A study in the United Kingdom involving 332 patients who cannot receive surgery (unresectable) found that patients whose mesothelioma has relapsed can be treated with nivolumab safely. Nivolumab is an immunotherapy drug known as Opdivo, which is popular for treating non-small cell lung cancer. Opdivo is promising because it is the first drug tested to help survival in patients whose mesothelioma has relapsed. Since not many treatments for unresectable mesothelioma exist, more treatments need to be tested and found. If more of them are found, more people’s lives could be extended.

Opdivo is already a part of a first line treatment for mesothelioma. It was recently approved to be used alongside Yervoy in October 2020. Since nivolumab was approved as a first line treatment, it should soon be approved as a second line treatment for the disease as well.  Patients who have been using the drug through clinical trials, compassionate care, and off label exceptions have seen mixed results. The most recent study with nivolumab being used as a second or third line treatment saw a 40 percent improvement in survival from 6.6 months in the control group to 9.2 months in the study group. The British study is also showing a 9.4 month median survival and a 12 month overall survival of 40 percent in epithelioid patients, an easier to treat type.

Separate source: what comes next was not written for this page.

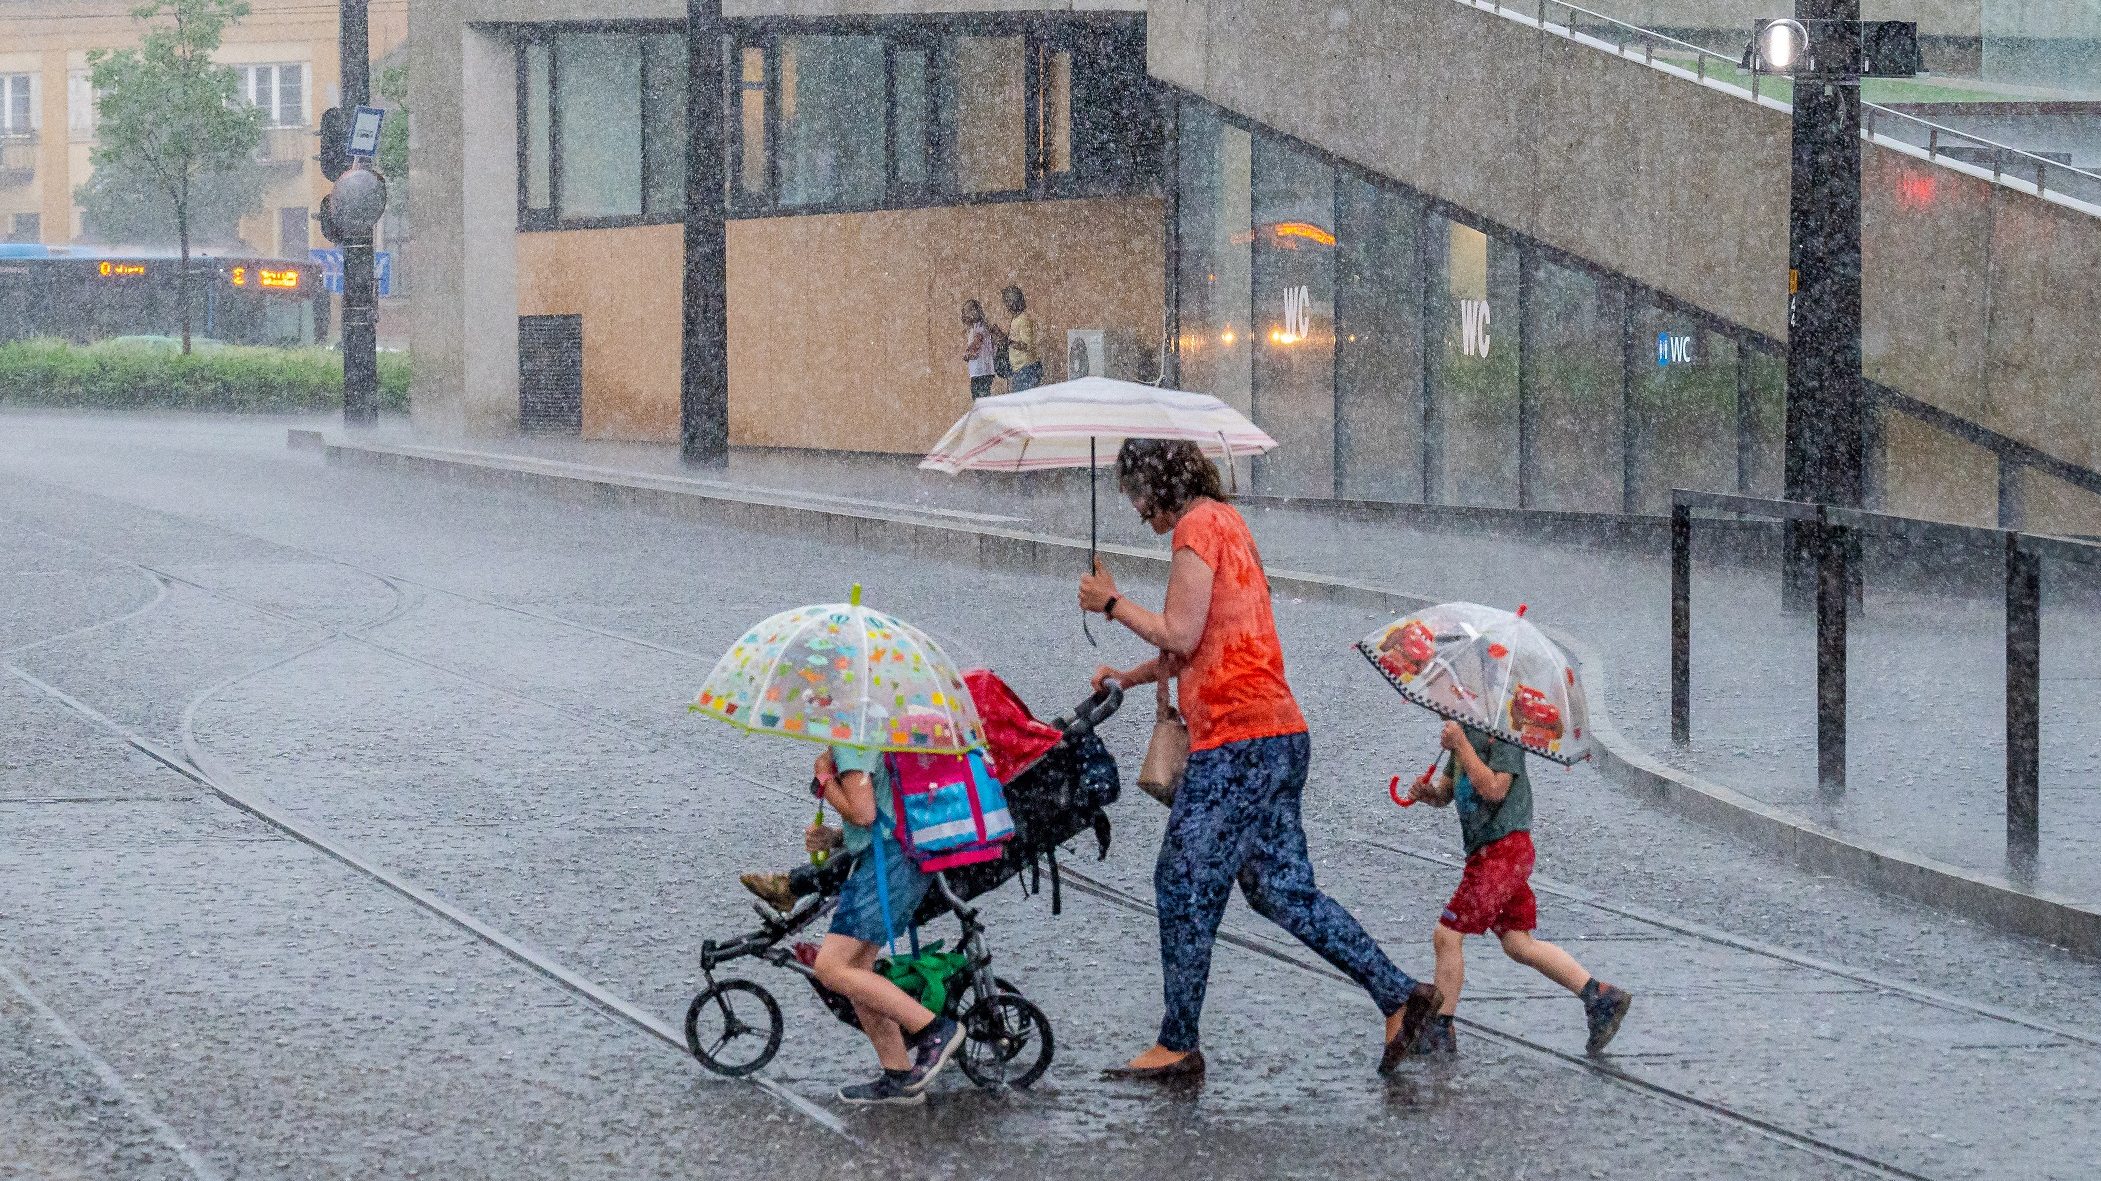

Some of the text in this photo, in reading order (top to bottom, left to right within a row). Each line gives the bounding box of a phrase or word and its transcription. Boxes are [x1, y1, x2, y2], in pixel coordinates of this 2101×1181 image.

The patients were randomized in a 2:1 ratio. The patients received treatments every two weeks for a maximum of 12 months. Many of the patients had received at least two different types of treatment and relapsed before being enrolled in the current clinical trial.

Other drugs for mesothelioma could be beneficial in treating relapsed mesothelioma. They have had promising results, but results have not been proven in a phase III trial. One drug that has been approved for other cancers is being tested for mesothelioma in a phase II trial. Cancer vaccines are also being tested.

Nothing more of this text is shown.